Anyway, the quotes you found most offensive were those in the original post. And they were arguable.
St. Basil takes a very negative view of war, although he says sometimes it can be pardonable (eg. doing something wrong and then being forgiven for it).
Then, Gebre wrote that he agreed with some words of Fr. Harakas and he quoted them. Gebre did not say he agreed with everything on the topic. I could find a quote from a Church father on the Psalms, say I agree with the church father who says "_____". Yet that would not mean I agree with everything he wrote on the subject. Here, Fr. Harakas wrote about the Church father's negative view on war, and Gebre agreed with that.
As you pointed out, Fr. Harakas went on to make a more positive assessment of war:
Virtually absent in the tradition is any mention of a “just” war, much less a “good” war. For the Eastern Orthodox tradition, I concluded, war can be seen only as a “necessary evil,” with all the difficulty and imprecision such a designation carries.
Yet even here, Fr. Harakas said war "can" be seen as necessary, not that it is necessary.
Plus, one can reasonably argue that holy people should not engage in a large evil, even if it is "necessary". Faced with an order by an inquisitor to convert from the faith, it becomes absolutely necessary to do so. And yet we are not to do it anyway. Granted, the Church takes a more positive view of war than of a forced apostasy, but my point is that something being necessary does not make it OK.

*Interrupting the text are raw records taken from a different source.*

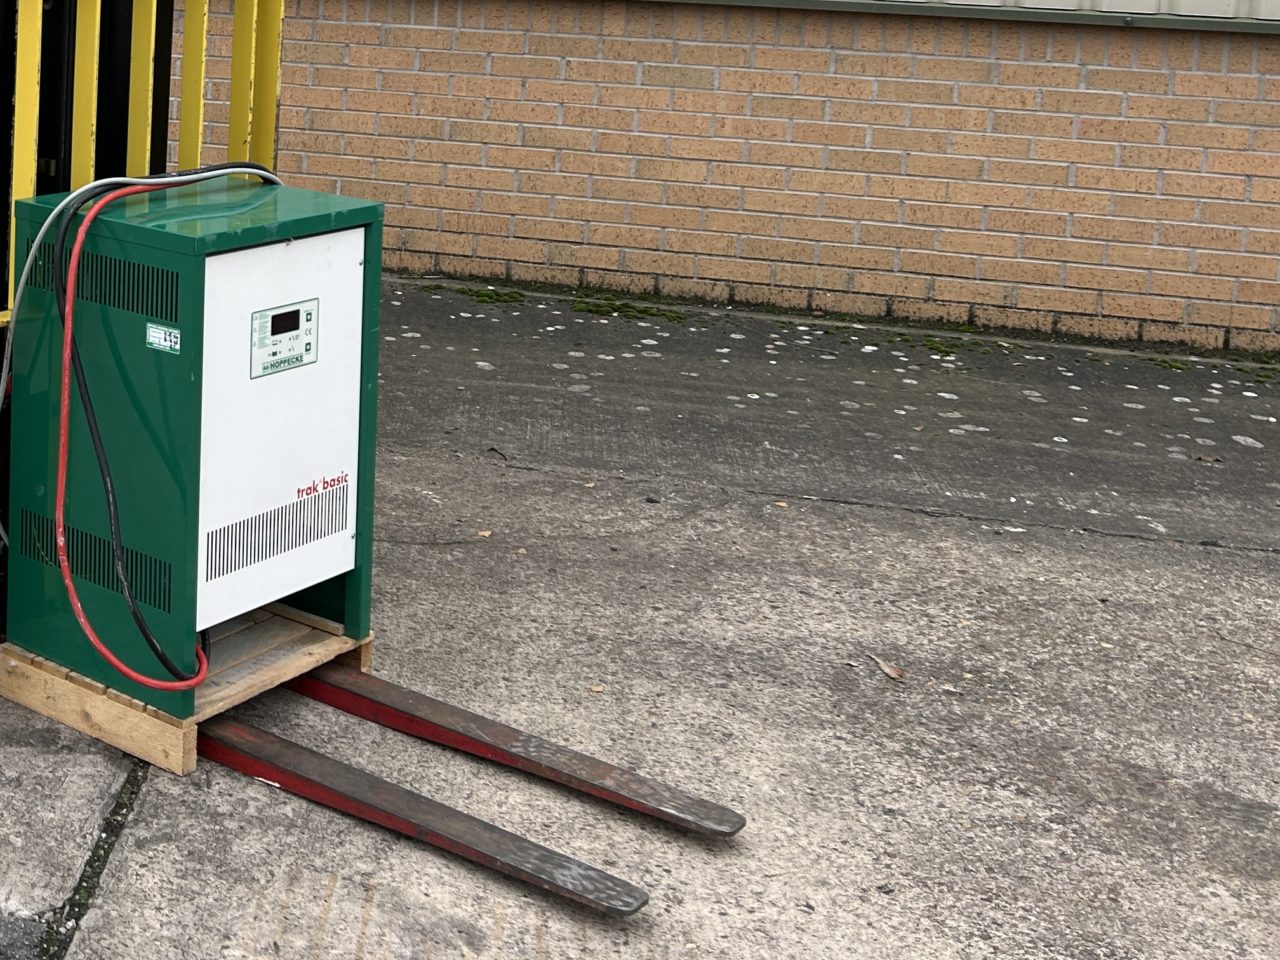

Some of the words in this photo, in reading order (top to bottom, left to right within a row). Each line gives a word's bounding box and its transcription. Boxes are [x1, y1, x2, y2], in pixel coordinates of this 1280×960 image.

[270, 355, 303, 370] HOPPECKE
[297, 480, 319, 499] trak
[322, 470, 348, 490] basic
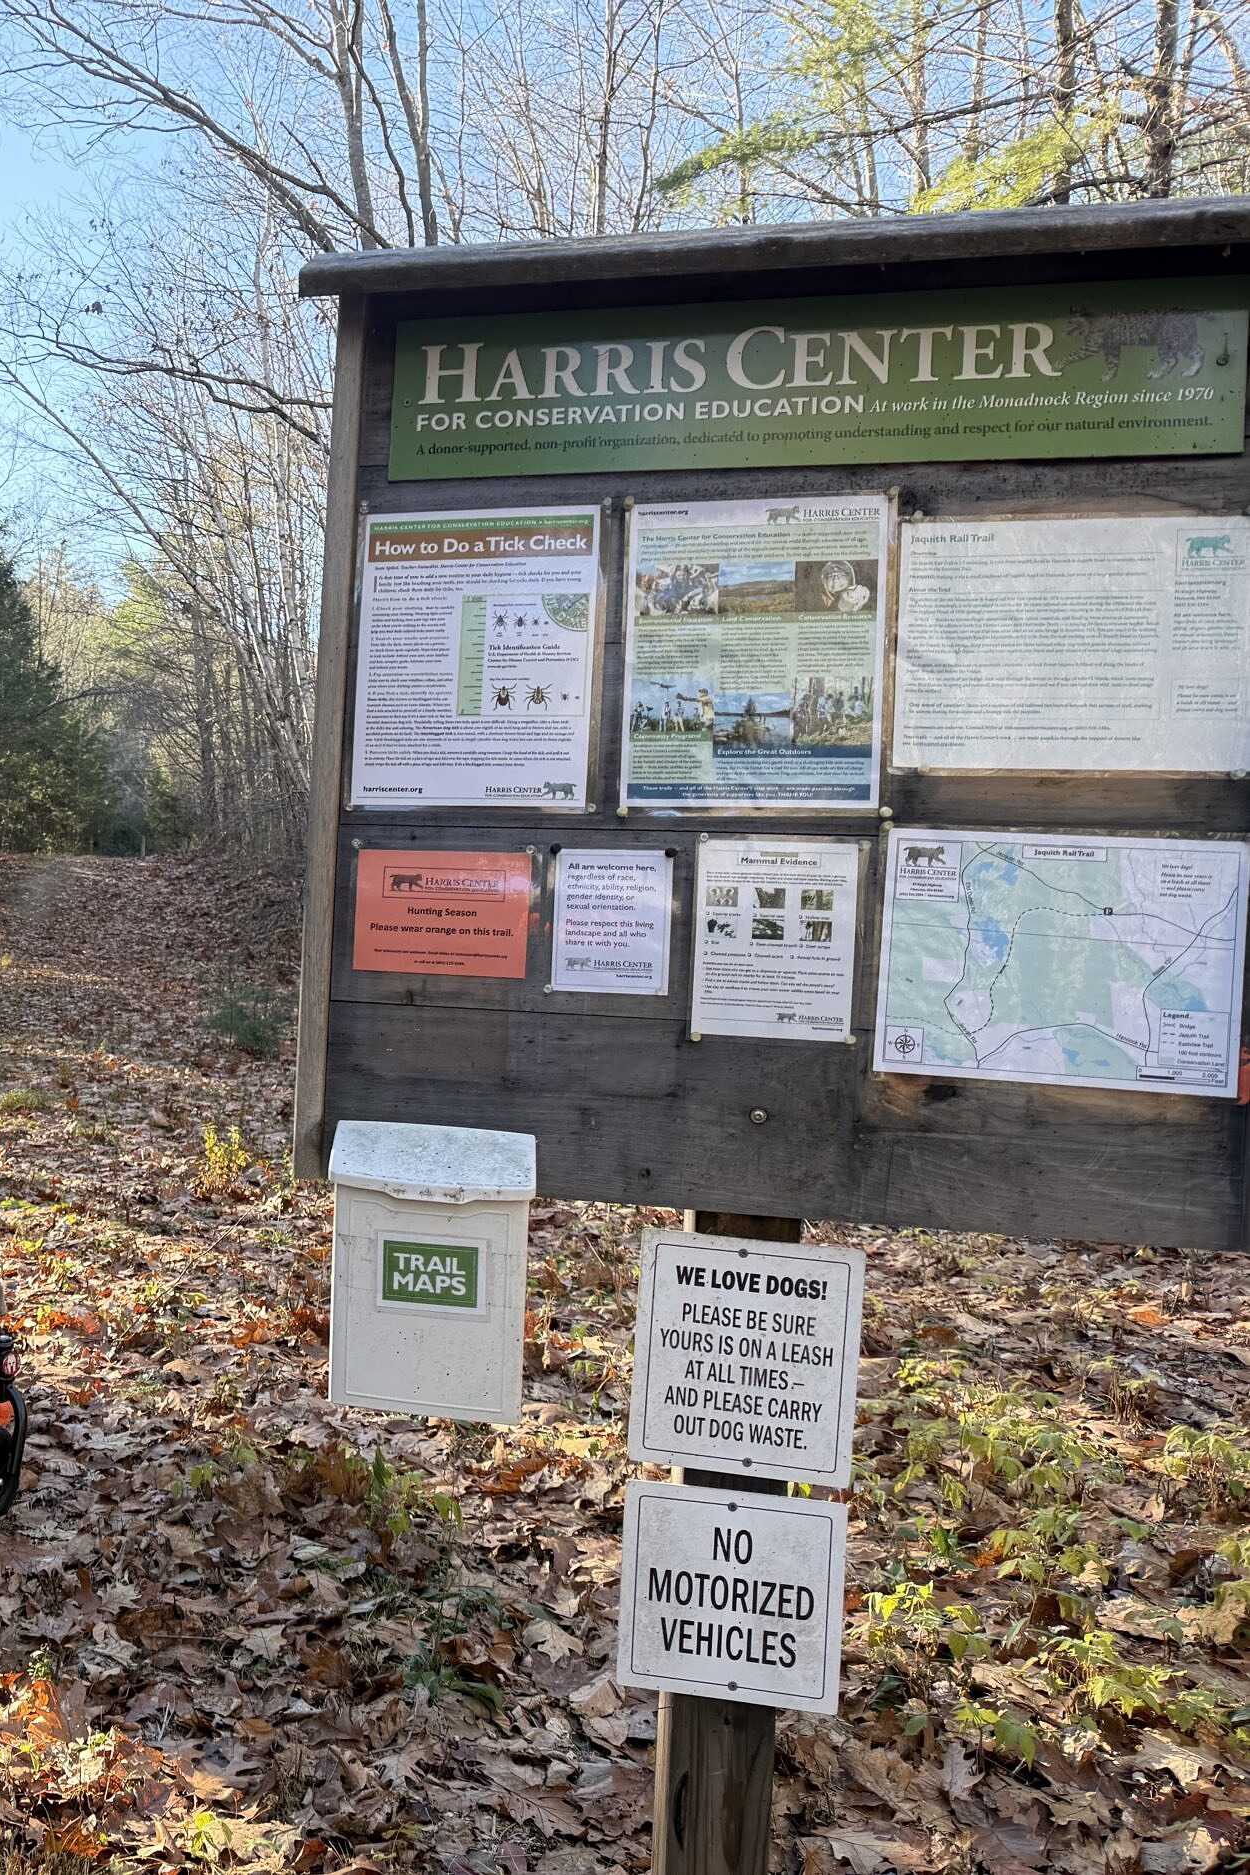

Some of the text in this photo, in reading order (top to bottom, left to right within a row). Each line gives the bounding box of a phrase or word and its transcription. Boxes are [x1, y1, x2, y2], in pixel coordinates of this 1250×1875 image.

[418, 323, 1062, 404] HARRIS CENTER
[869, 386, 1214, 414] At work in the Monadnock Region since 1970
[416, 394, 864, 432] FOR CONSERVATION EDUCATION
[416, 415, 1213, 457] A donor-supported, non-profit organization, dedicated to promoting understanding and respect for our natural environment.
[638, 509, 689, 517] harriscenter.org
[803, 507, 880, 518] HARRIS CENTER
[442, 521, 494, 529] CONSERVATION
[496, 519, 537, 527] EDUCATION
[712, 532, 757, 540] Conservation
[758, 531, 791, 539] Education
[910, 533, 995, 545] Jaquith Rail Trail
[375, 533, 588, 556] How to Do a Tick Check
[1181, 558, 1246, 567] HARRIS CENTER
[362, 785, 423, 794] harriscenter.org
[485, 786, 542, 794] HARRIS CENTER
[1034, 848, 1095, 858] Jaquith Rail Trail
[740, 857, 818, 866] Mammal Evidence
[636, 864, 657, 872] here,
[900, 867, 957, 877] HARRIS CENTER
[425, 876, 499, 888] HARRIS CENTER
[567, 873, 605, 881] regardless
[601, 884, 626, 892] ability,
[626, 885, 657, 893] religion,
[566, 893, 593, 901] gender
[594, 893, 624, 901] identity,
[407, 906, 477, 917] Hunting Season
[591, 903, 636, 911] orientation.
[565, 918, 589, 926] Please
[590, 920, 618, 928] respect
[635, 920, 654, 930] living
[370, 923, 399, 932] Please
[400, 925, 424, 933] wear
[425, 926, 457, 936] orange
[473, 925, 491, 936] this
[492, 927, 514, 937] trail.
[565, 929, 601, 938] landscape
[613, 941, 630, 949] you.
[593, 959, 653, 969] HARRIS CENTER
[1162, 1011, 1190, 1020] Legend
[393, 1252, 466, 1275] TRAIL
[393, 1271, 467, 1296] MAPS
[676, 1265, 828, 1300] WE LOVE DOGS!
[682, 1302, 817, 1337] PLEASE BE SURE
[660, 1328, 834, 1367] YOURS IS ON A LEASH
[684, 1359, 704, 1380] AT
[706, 1362, 735, 1384] ALL
[664, 1385, 822, 1423] AND PLEASE CARRY
[673, 1414, 807, 1450] OUT DOG WASTE.
[712, 1526, 753, 1565] NO
[648, 1567, 815, 1621] MOTORIZED
[661, 1617, 796, 1668] VEHICLES
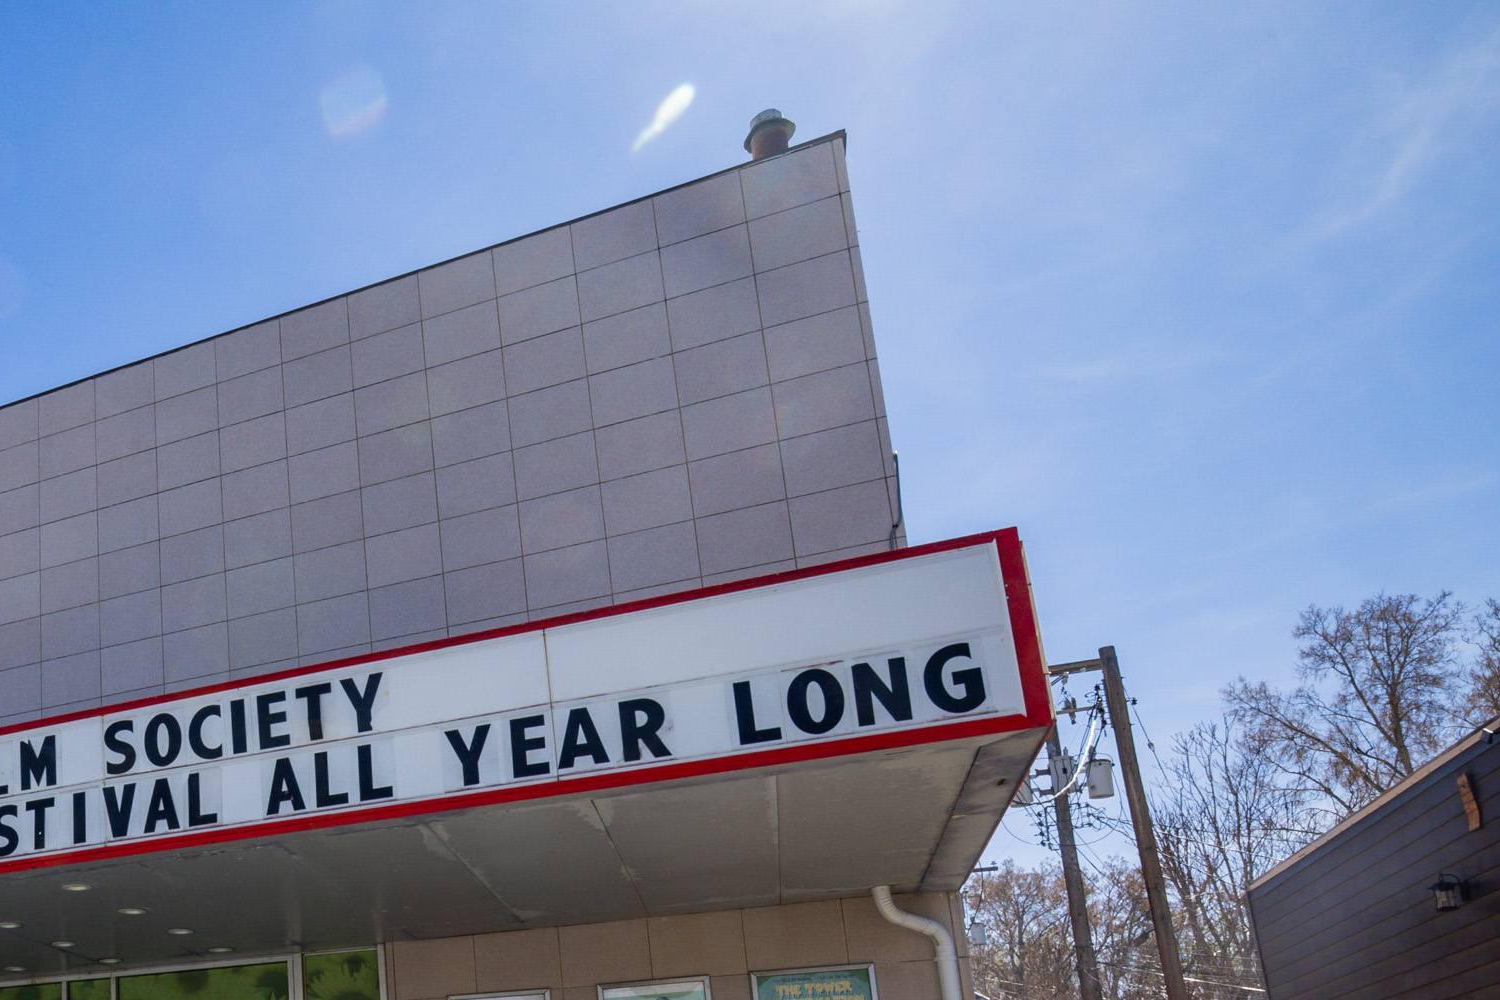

So when it comes to St. Basil and Gebre's discussion of Fr. Harakas, it is arguable.
One possible problem with the quote from Fr. Harakas could be if Gebre is paraphrasing his words, but then putting it in quotation marks. But anyway picking it apart seems to be way overblown. We are not talking about a work by a Harvard professor, but probably the commentary on peace and life by a down to earth convert to Oriental Orthodoxy.